-- WHAT IS REQUIRED --
If a picture appears in the records, skip it; copy everything else exactly.

-- LISTED RECORDS --
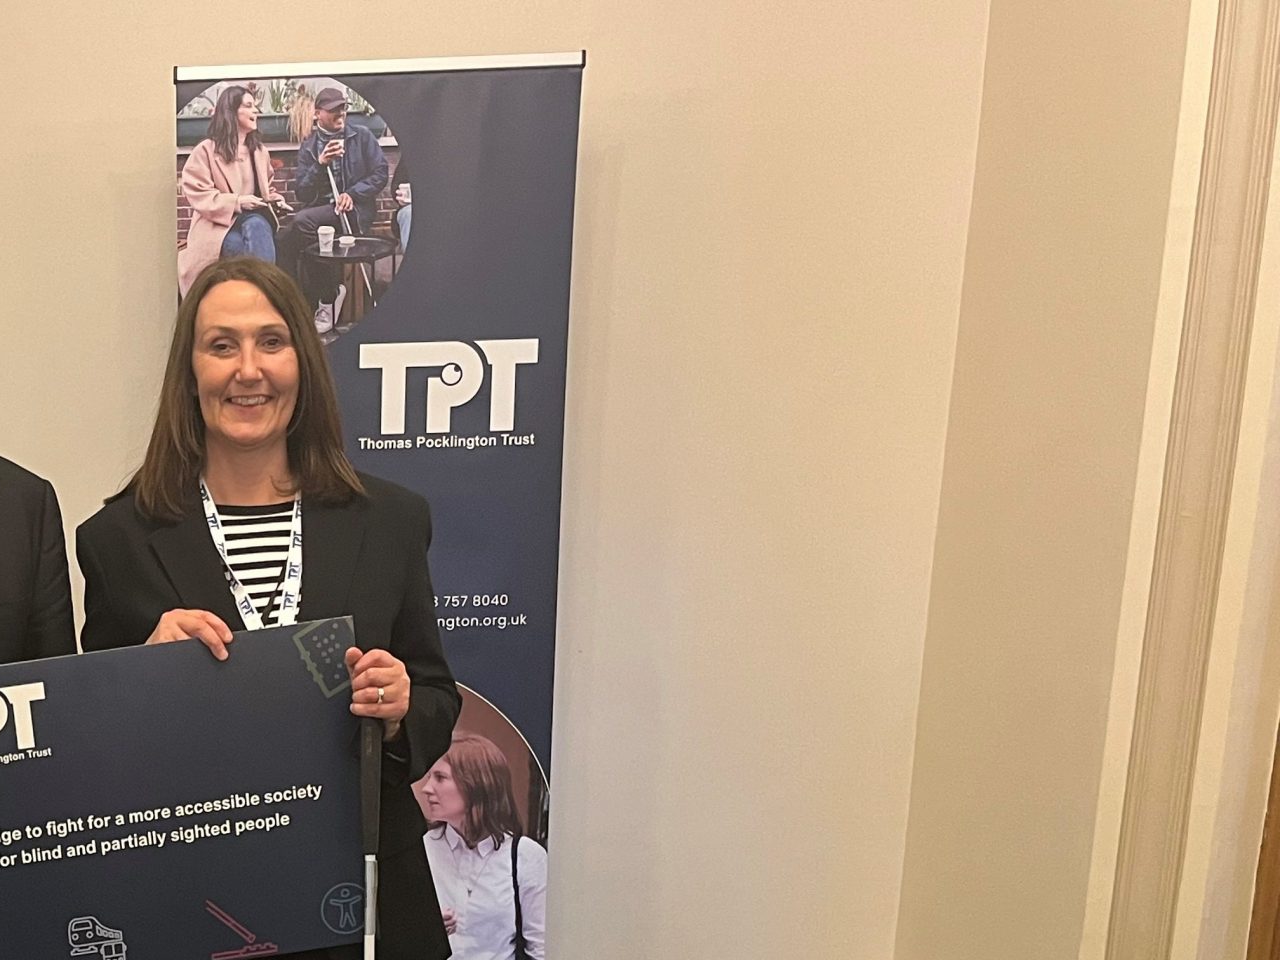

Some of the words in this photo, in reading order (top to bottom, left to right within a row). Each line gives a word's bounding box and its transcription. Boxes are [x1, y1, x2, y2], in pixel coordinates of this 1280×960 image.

[359, 338, 539, 434] TPT
[358, 438, 412, 450] Thomas
[416, 436, 497, 450] Pocklington
[501, 433, 535, 446] Trust
[443, 596, 468, 607] 757
[472, 594, 508, 607] 8040
[437, 613, 527, 631] ngton.org.uk
[26, 747, 52, 759] Trust
[25, 825, 43, 839] to
[46, 817, 85, 837] fight
[87, 815, 111, 830] for
[115, 814, 125, 826] a
[128, 807, 171, 824] more
[175, 792, 260, 817] accessible
[264, 783, 322, 804] society
[21, 845, 62, 864] blind
[66, 840, 97, 857] and
[101, 830, 166, 855] partially
[170, 820, 231, 843] sighted
[235, 813, 290, 836] people

-- WRITTEN RESPONSE --
Some of the words in this photo, in reading order (top to bottom, left to right within a row). Each line gives a word's bounding box and its transcription. Boxes are [x1, y1, x2, y2], in pixel coordinates of this 1280×960 image.

[359, 338, 539, 434] TPT
[358, 438, 412, 450] Thomas
[416, 436, 497, 450] Pocklington
[501, 433, 535, 446] Trust
[443, 596, 468, 607] 757
[472, 594, 508, 607] 8040
[437, 613, 527, 631] ngton.org.uk
[26, 747, 52, 759] Trust
[25, 825, 43, 839] to
[46, 817, 85, 837] fight
[87, 815, 111, 830] for
[115, 814, 125, 826] a
[128, 807, 171, 824] more
[175, 792, 260, 817] accessible
[264, 783, 322, 804] society
[21, 845, 62, 864] blind
[66, 840, 97, 857] and
[101, 830, 166, 855] partially
[170, 820, 231, 843] sighted
[235, 813, 290, 836] people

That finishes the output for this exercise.